En esta vía, los planteamientos principales que se abordan en este trabajo se ubican en tres
momentos: en primer lugar, se trata de caracterizar lo que se denomina crisis ambiental
global; luego, se expone una interpretación de sus raíces centradas en una crisis del
pensamiento y la civilización occidental capitalista, ligada a lo que Marx denominó fractura
metabólica entre la humanidad y la naturaleza; finalmente, se enuncian de manera general
los principales retos a enfrentar y superar para no incurrir en una educación universitaria
anacrónica que mantenga la ruta en la que se acentúan la decadencia y el riesgo de colapso
civilizatorio.

¿Crisis ambiental global?

Al hablar de crisis ambiental global es necesario señalar que el adjetivo global no solo hace
referencia al alcance planetario de la crisis, sino al hecho palpable de que ésta no solo
afecta la resiliencia o capacidad de la biósfera de asimilar los efectos de fuerzas que
perturban sus equilibrios dinámicos, sino de daños que afectan el mismo tejido social y las
fibras más íntimas de lo humano, su bienestar, identidad y autoestima.

En este sentido, en las siguientes líneas se hará una descripción sumaria de algunos rasgos
de la crisis en estas tres dimensiones, iniciando por los efectos planetarios de la
industrialización y el consumismo en los ecosistemas y las condiciones de vida material de
la sociedad a nivel mundial.

En primer lugar es evidente la forma como el crecimiento poblacional y el ensanchamiento


de la brecha entre ricos y pobres hace que el metabolismo social 4, particularmente el de las
sociedades más opulentas, genere presiones que superan la capacidad de respuesta,
autodepuración y adaptación de los ecosistemas y la biósfera en general (Martínez Alier,
2008, 2010, 2011; Martínez Alier & Roca Jusmet, 2013).

4
Esta categoría propuesta por Marx asimila los procesos de flujos de entrada y salida de materia, energía e
información necesarios para el funcionamiento de cualquier colectivo social desde un hogar, una finca, un
municipio, una urbe, un país, etc., con los procesos metabólicos desarrollados por cualquier organismo vivo,
desde una célula hasta un organismo pluricelular. En estos procesos, la sociedad toma de la biósfera el agua,
alimentos, minerales, materias primas, fuentes energéticas y en general todos los elementos materiales que
requiere para su funcionamiento, luego los transforma y acondiciona para ser empleados en todo tipo de
actividades, a partir de las cuales genera residuos que son vertidos nuevamente a la atmósfera, el suelo, las
aguas superficiales o subterráneas, etc.
Así, el aumento vertiginoso de las emisiones de gases contaminantes (incluyendo los de
efecto invernadero), los vertimientos de aguas residuales, fármacos y sustancias químicas
de síntesis, la generación de residuos sólidos y la deforestación, entre otros procesos que
afectan la trama de relaciones de la biósfera, han desencadenado efectos nocivos como la
pérdida de suelos, bosques, biodiversidad y glaciares; escasez hídrica; aumento del nivel
del mar, de la acidez de los océanos, desertización, y el aumento de la recurrencia e
intensidad de eventos climáticos extremos (sequías, inundaciones, olas de calor o frío,
huracanes, tornados, tifones, tormentas eléctricas, etc.); entre otros.

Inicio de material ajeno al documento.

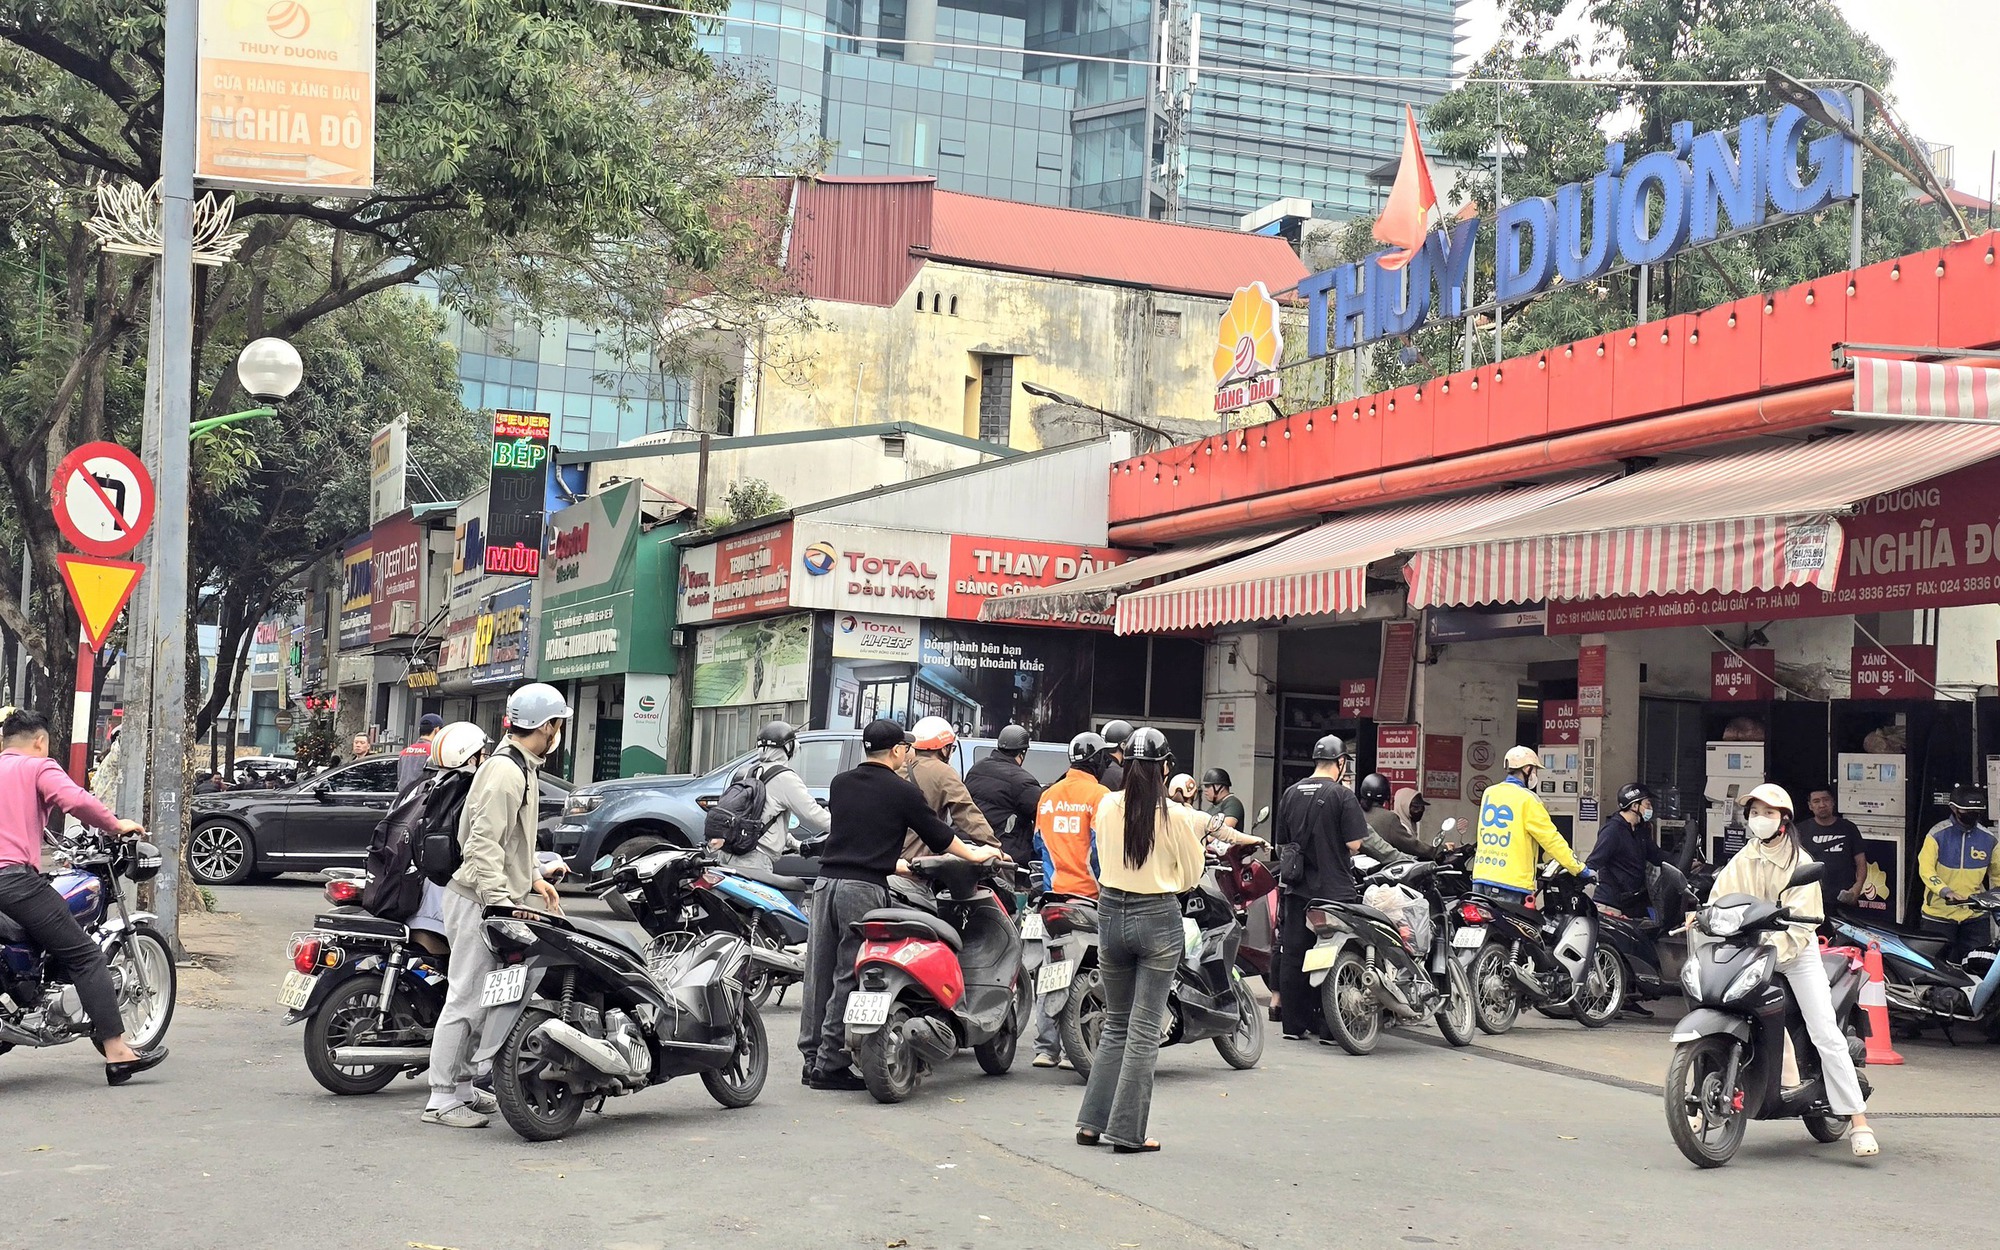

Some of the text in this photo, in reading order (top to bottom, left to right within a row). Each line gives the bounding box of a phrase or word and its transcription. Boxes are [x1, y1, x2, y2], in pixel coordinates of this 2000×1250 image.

[239, 41, 338, 61] THUY DUONG
[213, 72, 360, 101] CỬA HÀNG XĂNG DẦU
[210, 104, 362, 150] NGHĨA ĐÔ
[1496, 88, 1856, 301] DƯƠNG
[1214, 377, 1274, 411] XĂNG DẦU
[494, 437, 546, 469] BẾP
[501, 473, 535, 501] TỪ
[1876, 487, 1940, 514] DƯƠNG
[489, 510, 541, 537] HÚT
[1850, 518, 1956, 577] NGHĨA
[485, 542, 540, 575] MÙI
[843, 551, 938, 579] TOTAL
[973, 549, 1050, 580] THAY
[848, 578, 935, 601] Dầu Nhớt
[1821, 592, 1837, 604] ĐT:
[1838, 589, 1856, 602] 024
[1859, 586, 1884, 601] 3836
[1886, 584, 1911, 598] 2557
[1916, 582, 1938, 596] FAX:
[1940, 579, 1961, 593] 024
[1964, 576, 1991, 591] 3836
[1556, 593, 1800, 625] ĐC: 181 HOÀNG QUỐC VIỆT P. NGHĨA ĐÔ Q. CẦU GIẤY TP. HÀ NỘI
[861, 621, 906, 634] TOTAL
[861, 634, 913, 649] HI-PERF
[924, 638, 1022, 657] Đồng hành bên bạn
[923, 654, 1045, 672] trong từng khoảnh khắc
[1724, 656, 1743, 669] XĂNG
[1862, 653, 1887, 666] XĂNG
[1715, 672, 1751, 686] RON 95-III
[1858, 669, 1915, 684] RON 95 III
[1350, 682, 1365, 694] XĂNG
[1343, 697, 1355, 707] RON
[1558, 703, 1573, 717] DẦU
[634, 712, 659, 720] Castrol
[1545, 719, 1580, 730] DO 0,05S
[1481, 794, 1514, 829] be
[1970, 846, 1987, 861] be
[1043, 963, 1067, 979] 20-F1
[1040, 975, 1068, 992] 748.11
[483, 985, 520, 1005] 712.10
[854, 995, 884, 1007] 29-P1
[847, 1010, 885, 1023] 845.70

Estos son algunos de los rasgos principales impactos de la industrialización y el


consumismo, los cuales han ganado tal dimensión, que se ha acuñado la categoría de
Antropoceno (Árias Madonado, 2018; Crutzen & Stoermer, 2000), para equiparar los
efectos transformadores de la acción humana sobre la faz de la tierra y la vida, con los
generados por los más dramáticos cambios geológicos que ha sufrido el planeta, los cuales,
valga decir, al igual que en nuestro tiempo, han venido acompañados de extinciones
masivas de especies…

No obstante, cabe señalar que esta categoría ha sido fuertemente cuestionada por la
homogenización que hace de la humanidad (Biermann et al., 2016; Moore, 2013; Vega
Cantor, 2019), puesto que, diluye las diferencias significativas entre los impactos
ambientales generados por el modelo civilizatorio occidental y otras cosmovisiones o
formas de significar y habitar el mundo; en este sentido, aunque “todos” somos causantes
de la crisis ambiental, no lo somos en la misma proporción, correspondiéndole a los países
económica y tecnológicamente más desarrollados (Estados Unidos, buena parte de los
países integrantes de la Unión Europea, Reino Unido, Japón, Canadá, Australia, China y
Rusia) la mayor parte de la responsabilidad, en tanto que, las consecuencias negativas
afectan principalmente a los más pobres (ONU Hábitat, 2011).

En este sentido, se ha acuñado la categoría Capitaloceno (Moore, 2013; Vega Cantor,


2019), la cual hace más específico el análisis, ubicando con claridad la responsabilidad en
estos países que poseen metabolismos sociales más demandantes de materiales, agua y
fuentes energéticas, y que a su vez vierten la mayor cantidad de contaminantes a la
biósfera. Sin embargo, haciendo esta salvedad, como categoría, el Antropoceno sirve para
evidenciar las dimensiones de lo que se caracteriza como crisis ambiental planetaria, en la
cual se pone en riesgo la continuidad del proyecto civilizatorio occidental, e incluso, en las
lecturas más agudas, amenaza la existencia de la especie humana en general.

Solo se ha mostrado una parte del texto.